Ну что ей оставалось? Слезла и пошла огородом к коноплянику. Надежды никакой уже не было, поэтому шла открыто, да и схорониться-то негде было — начало лета, картошка еще только взошла. И вышла Милица на полицая, он в коноплянике лежал в засаде. Наверно, из-за того, что она так свободно шла и одета была во все мужское, он и не встревожился. Ну, идет пацан, пугну, мол, и ладно. Показывает: садись сюда, передо мной. И тут ее как будто кто толкнул под бок: дескать, есть надежда, последняя, только не медли и не думай, что дальше. Милица подошла, села, где он показал, и сразу пальцы на его шее раз — и замкнула, винтовку — она лежала рядом — ногой подальше, а сама — всем телом на него. Хорошо — несильный мужик попался… Потом пробралась подальше от тех мест…
— А винтовку, — перебил Велик, — винтовку-то ты взяла?
— Ты что? Куда она мне?
— Как это куда?.. Ну, хоть бы затвор вытащила. А то ж опять полицаям служить будет.

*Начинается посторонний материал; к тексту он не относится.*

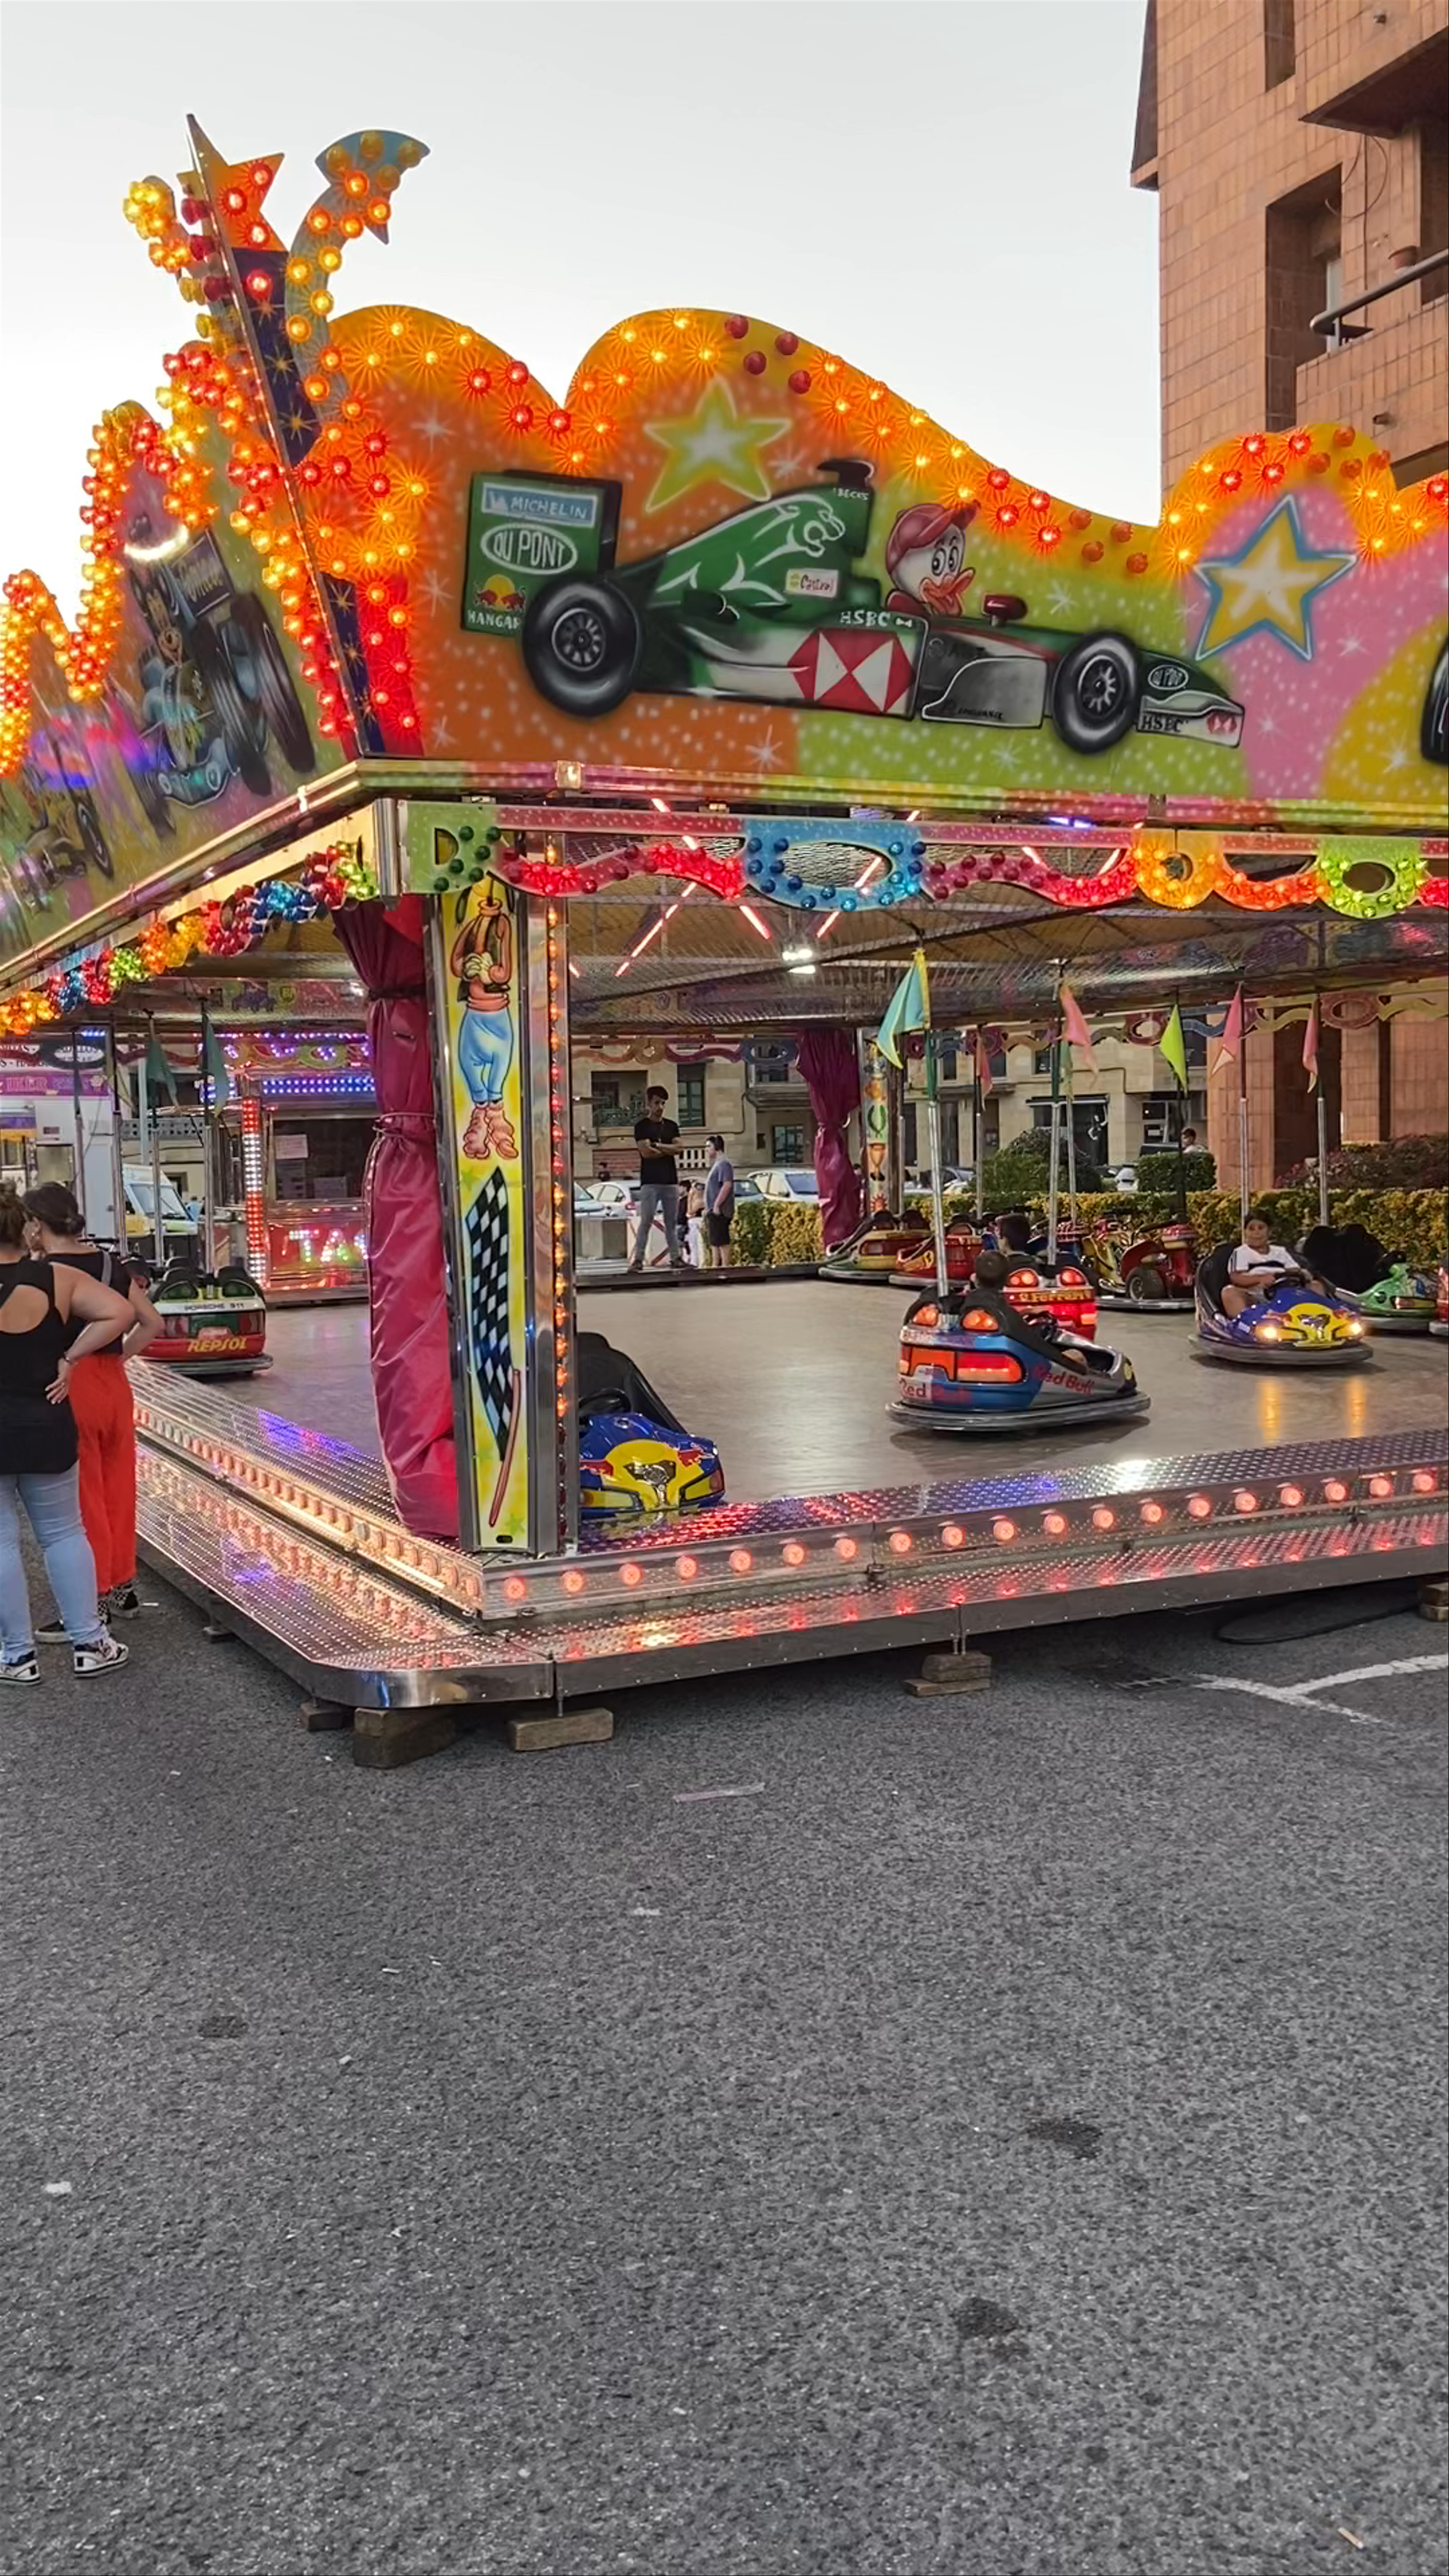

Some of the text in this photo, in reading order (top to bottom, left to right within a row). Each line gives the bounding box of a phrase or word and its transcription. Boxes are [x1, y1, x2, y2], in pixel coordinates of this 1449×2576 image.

[511, 497, 587, 519] MICHELIN
[517, 529, 565, 568] PONT
[840, 609, 891, 627] HSBC

— Дурачок ты, голубь. Девчонка, шестнадцать лет, цыганка к тому же, на нее охотятся, как на лисицу, — до винтовок ли? Я ни про что больше не думала, как бы только поскорее подальше от того места.
— Да все равно…
Вдруг вспомнился Велику полузабытый уже эпизод из его жизни (хотя и прошло-то с того времени что-то с год или чуть больше). Велик стрелял по немцам из пулемета, а когда кончились патроны, задал такого стрекача, что только пятки засверкали, и даже мимолетно не мелькнуло в голове насчет затвора. Потом, правда, он казнился, но это потом, а в те минуты лишь одним было заряжено все его существо — скорее прочь от смерти. Он подумал, что а вот сейчас ни за что не оставил бы боевое оружие фашистам. в целости, но тут же по-честному признал, что только в деле можно проверить, оставил бы или не оставил, а пока это одни слова: там, перед лицом смерти, думаешь и чувствуешь совсем по-другому. Ну и действуешь по-другому, конечно.